Le deuxième point que je souhaite évoquer, c’est la question de la responsabilité de l’EPCI, qui n’a pas été éclipsée. Les communes et EPCI à fiscalité propre compétents deviendront bientôt gestionnaires de digues et autres ouvrages concourant à la prévention des inondations appartenant à d’autres personnes publiques. Ils bénéficieront du régime de responsabilité limitée prévu par le code de l’environnement. Cependant, pour prendre en compte l’incertitude qui subsistait quant à l’application de ce régime dérogatoire au cours de la période transitoire, il a été prévu que la responsabilité dudit gestionnaire ne pourrait être engagée en raison des dommages que l’ouvrage n’aurait pas permis de prévenir, sauf à ce qu’ils soient dus à un défaut d’entretien par le gestionnaire.

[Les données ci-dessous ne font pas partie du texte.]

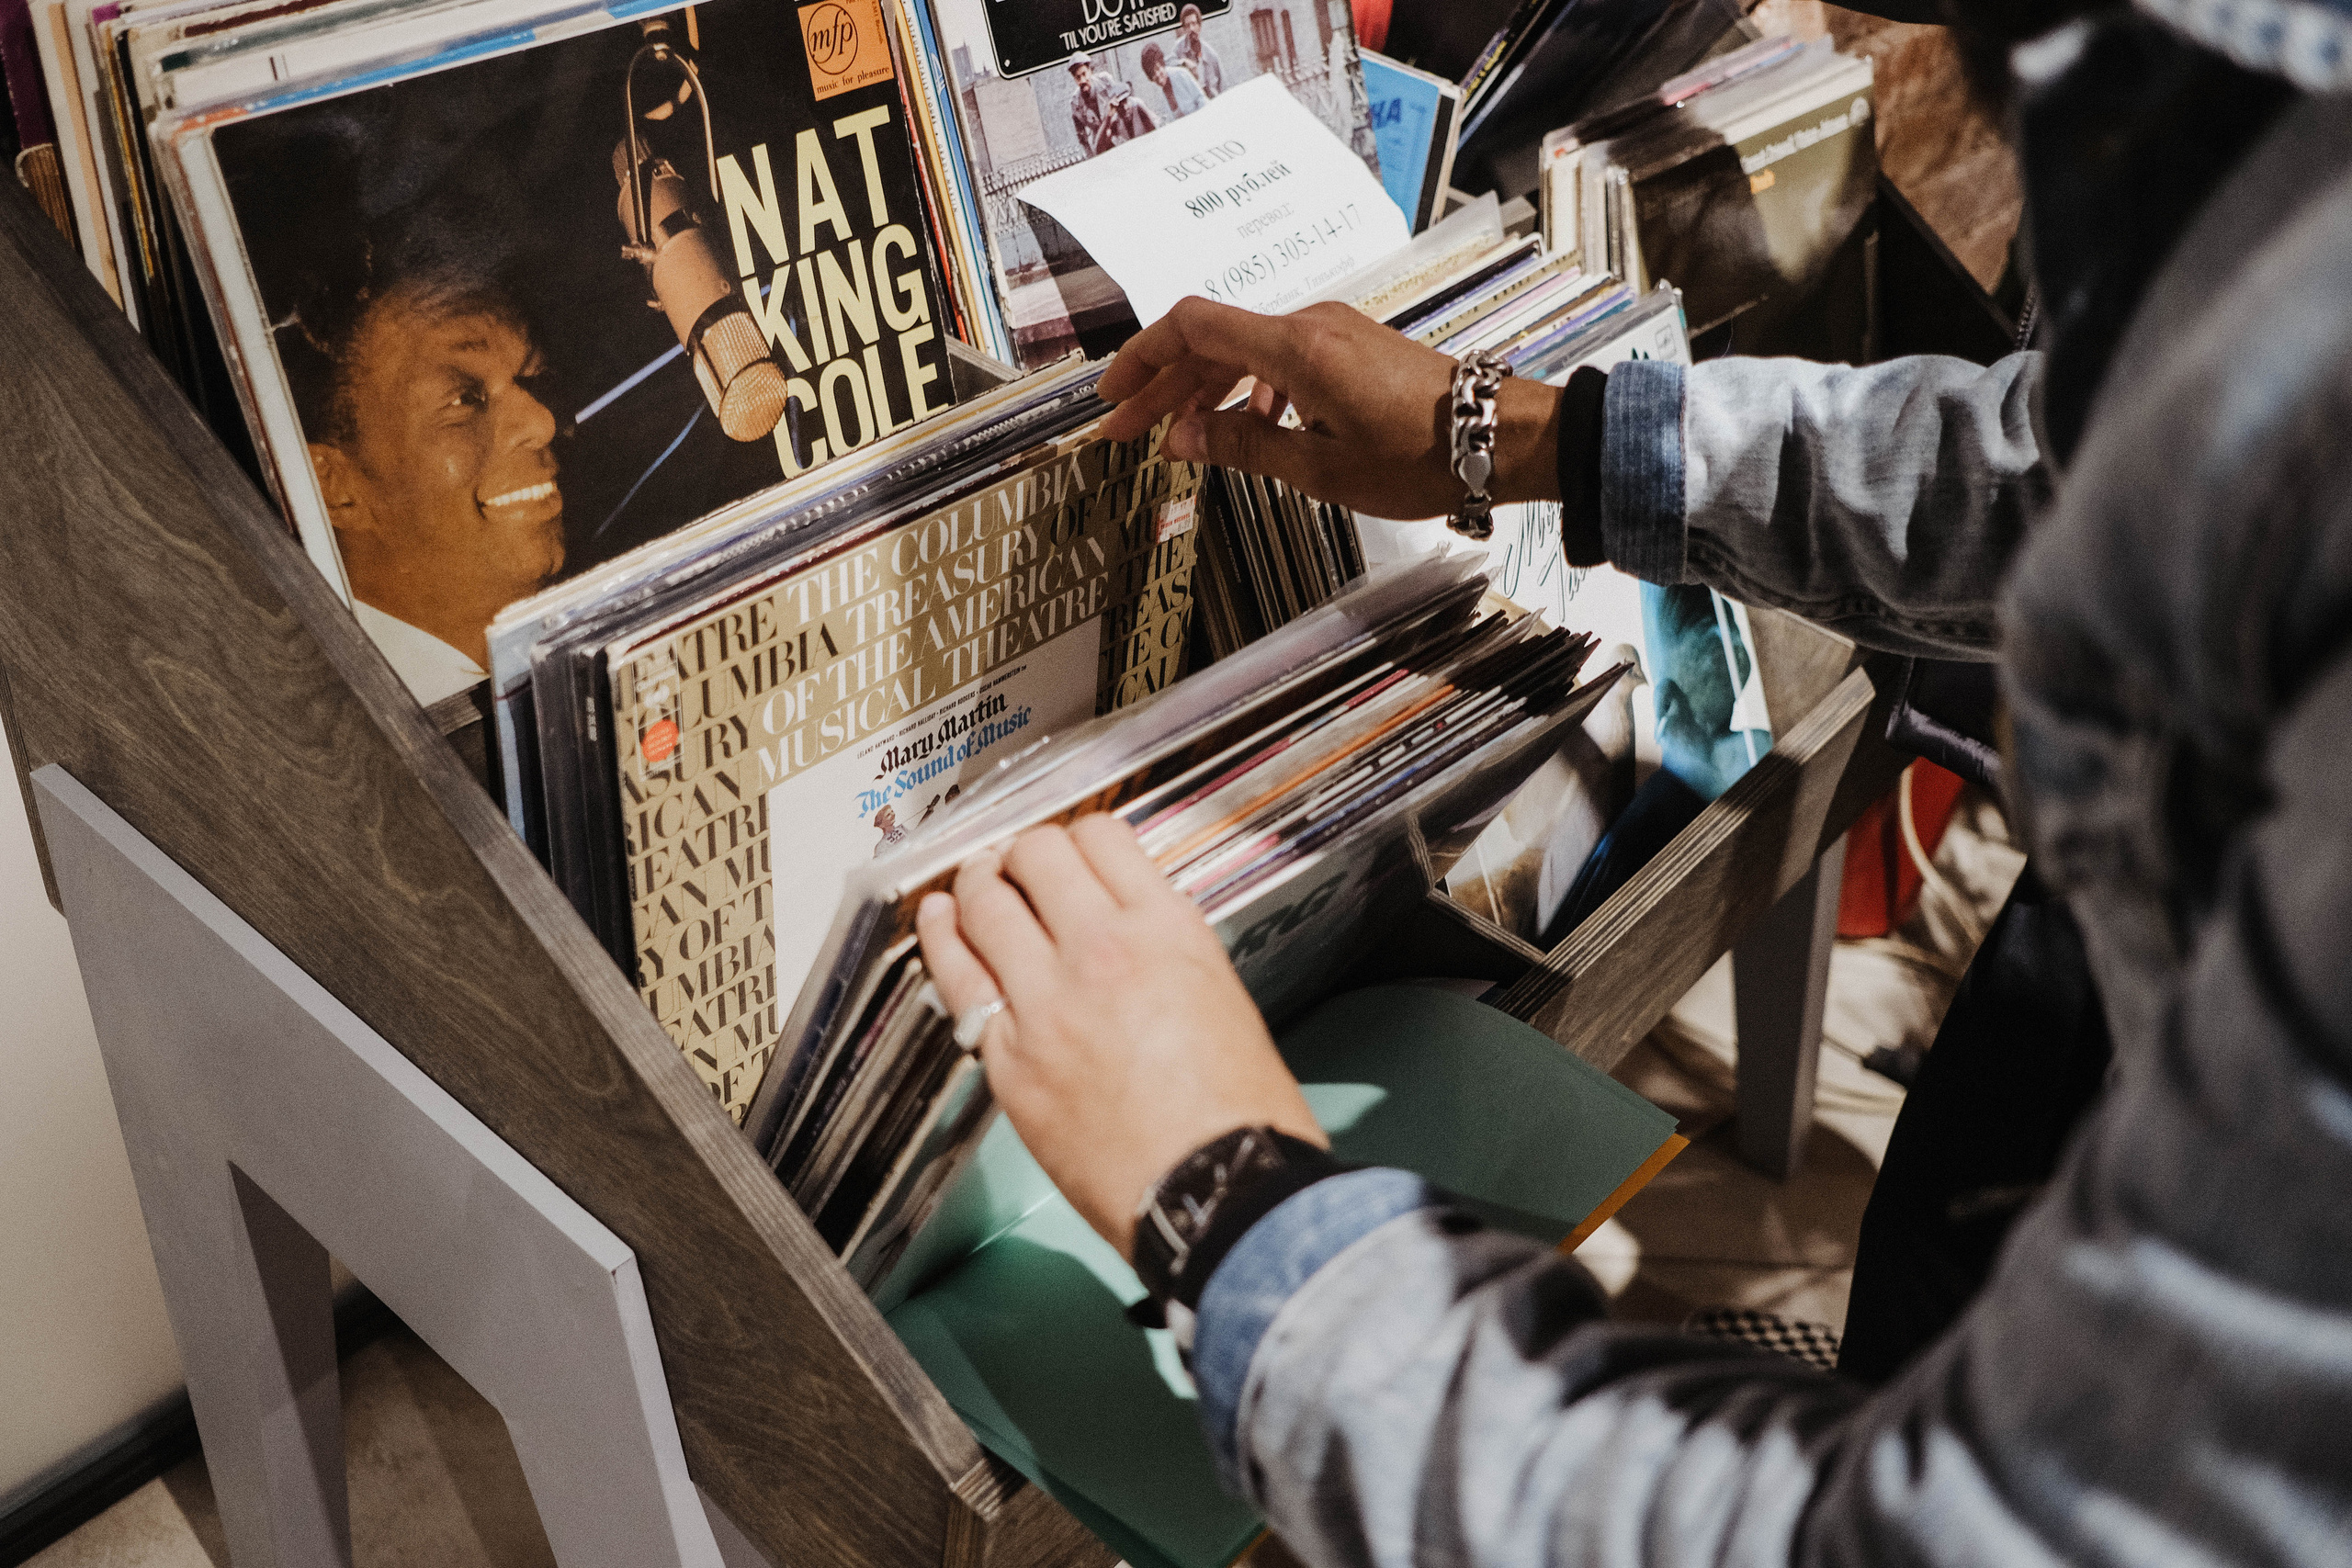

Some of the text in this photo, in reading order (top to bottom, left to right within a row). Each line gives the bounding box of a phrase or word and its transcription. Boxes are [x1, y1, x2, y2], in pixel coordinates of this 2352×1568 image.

Troisième et dernier point, ce texte traite de la question de l’élargissement du périmètre de la compétence GEMAPI à la maîtrise des eaux pluviales et de ruissellement, ainsi qu’à la lutte contre l’érosion des sols. Je rejoins sur le fond le rapporteur : de nombreuses inondations sont dues au ruissellement plutôt qu’à la crue d’un cours d’eau. Une commune française sur trois est inondable, en partie ou en totalité. En Seine-et-Marne, mon département, ce ne sont pas moins de 4 400 kilomètres de rivières susceptibles de se transformer en rampes de lancement pour d’éventuelles submersions.

Devant ce constat et l’ampleur des risques, notre groupe a déposé un amendement d’appel : dans l’attente de la proposition de loi qui articulera le dispositif actuel avec la nouvelle organisation des compétences en matière d’eau et d’assainissement, nous devons pouvoir débattre de l’opportunité d’effectuer une répartition des compétences qui serait de nature à indexer nos dispositifs artificiels sur les étapes, cette fois-ci naturelles, du grand cycle de l’eau.

Le groupe La République En Marche n’a aucun regret, car ce texte représente une étape positive. Nous sommes sur le bon chemin. C’est pourquoi nous renvoyons à des étapes ultérieures les enjeux certes importants que sont le financement de la GEMAPI ou encore d’autres sujets, en particulier le troisième point que je viens d’évoquer. (M. le président de la commission des lois applaudit.)